The means for specifying computational flow is the graph interface, which allows computational operations and dependencies to be specified expressively and concisely, and from which ripple can determine efficient parallelization. The graph interface scales well, with up to 7.3x for 8 V100 GPUs for non-trivial real-world problems
Up to date documentation can be found here: ripple docs
First, get ripple from github: ripple
Currently, Ripple requires CUDA, since some of the features use it, however, we are in the process of removing the CUDA dependency for the CPU only use case . Ripple has the following dependencies:
cmake >= 3.19
clang >= 9.0 with CUDA >= 9.0 or
gcc >= 6.0 with CUDA >= 11.0
NOTE: Ripple is written using C++ >= 17, which is why CUDA >= 11.0 is required if used as the device compiler, where as clang >= 9.0 has C++-17 support and can be used as both the host and device compiler.
Ripple is built using cmake, specifying various options. To see all available options for building ripple, from the project root, run
cmake -DPRINT_OPTIONS=ON .
which shows the required and optional options.

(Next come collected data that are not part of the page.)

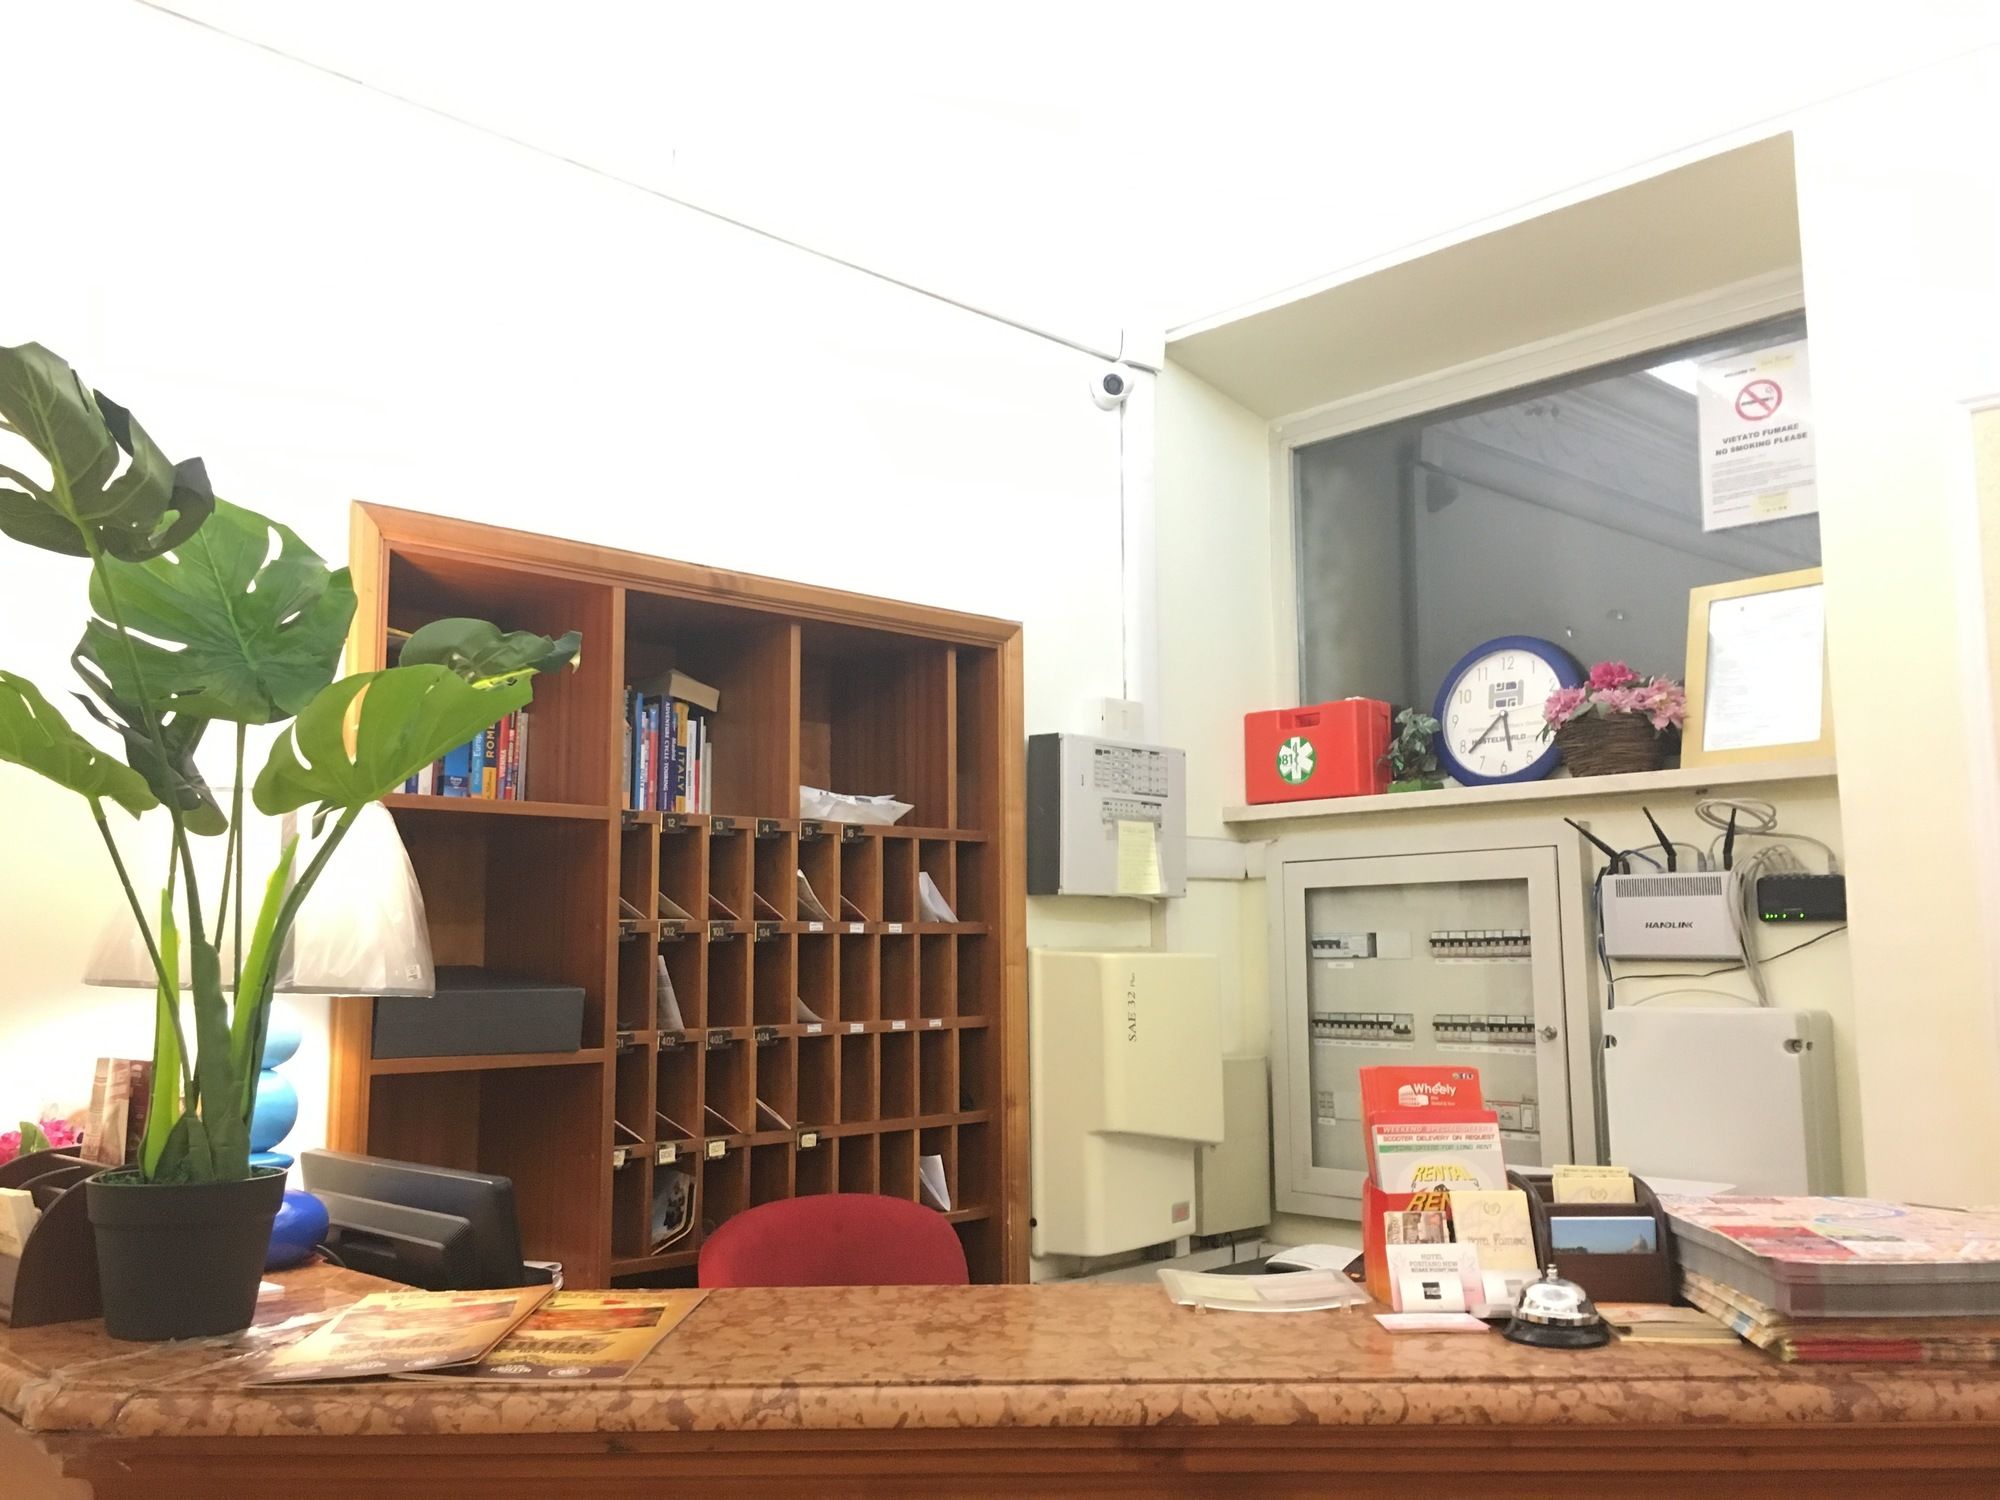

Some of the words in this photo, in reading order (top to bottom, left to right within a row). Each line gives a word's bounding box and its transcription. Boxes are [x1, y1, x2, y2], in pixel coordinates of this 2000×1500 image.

[1722, 431, 1760, 444] VIETATO
[1762, 423, 1799, 436] FUMARE
[1730, 439, 1771, 453] SMOKING
[1773, 432, 1808, 445] PLEASE
[1501, 656, 1514, 671] 12
[1531, 660, 1535, 674] 1
[1477, 667, 1488, 682] 11
[1458, 689, 1472, 704] 10
[1452, 714, 1459, 728] 9
[473, 734, 482, 757] Europ
[1472, 733, 1526, 745] HSTELWRLD
[1460, 739, 1467, 755] 8
[1479, 756, 1485, 769] 7
[1526, 750, 1533, 764] 5
[677, 751, 685, 791] ITALY
[1500, 760, 1507, 774] 6
[667, 818, 676, 828] 12
[715, 821, 723, 830] 13
[762, 824, 769, 833] 14
[805, 827, 813, 836] 15
[712, 928, 724, 936] 103
[1645, 921, 1693, 929] HANDLINK
[663, 928, 675, 937] 102
[759, 928, 770, 937] 104
[1128, 991, 1136, 1007] 32
[1128, 1012, 1136, 1042] SAE
[616, 1039, 624, 1048] 01
[661, 1037, 675, 1046] 402
[709, 1035, 723, 1044] 403
[757, 1032, 770, 1041] 404
[1413, 1082, 1456, 1097] Wheely

Cmake support for CUDA does not always work as expected, so to build ripple, the paths to the variable compilers, as well as cuda installation, need to be specified:
mkdir build && cd build
cmake \
-DCUDA_PATH=<path to cuda toolkit root> \
-DCMAKE_CUDA_COMPILER=<path to cuda compiler> \
-DCMAKE_CXX_COMPILER=<path to cxx compiler> \
-DCMAKE_BUILD_TYPE=Release \
-DCUDA_ARCHS=80;86 \
.
NOTE Of the above parameters, the first three are required, while the rest are optional. If the cuda compiler is clang, then the CXX compiler is automatically set to clang as well. If the cuda compiler is set to nvcc, the cuda host compiler will be set to the
CMAKE_CXX_COMPILER
.
NOTE If
-DCMAKE_BUILD_TYPE=Debug
, the cmake language feature sometimes fails to correctly verify that the cuda compiler is correct and working. The current fix for this is to first specify the build parameters as above using-DCMAKE_BUILD_TYPE=Release
, and then simply execute-DCMAKE_BUILD_TYPE=Debug ..
after.
NOTE Ripple will print out the complete build configuration at the end of the cmake command, so you can verify that the chosen parameters are correct.
This process is trying to be made simpler, but with current Cmake, this is the simplest process to ensure that the build is correct.
The shortest code to help with getting started is the SAXPY example, which is as simple as the following:
using Tensor = ripple::Tensor<float, 1>;
constexpr size_t size_x = 1000000;
const size_t partitions = topology().num_gpus();
// Create the tensors. Partitions is always a vector, with each component
// specifying the number of partitions in the {x, y, z} dimension. Each
// partition will be reside and therefore execute on a separate gpu.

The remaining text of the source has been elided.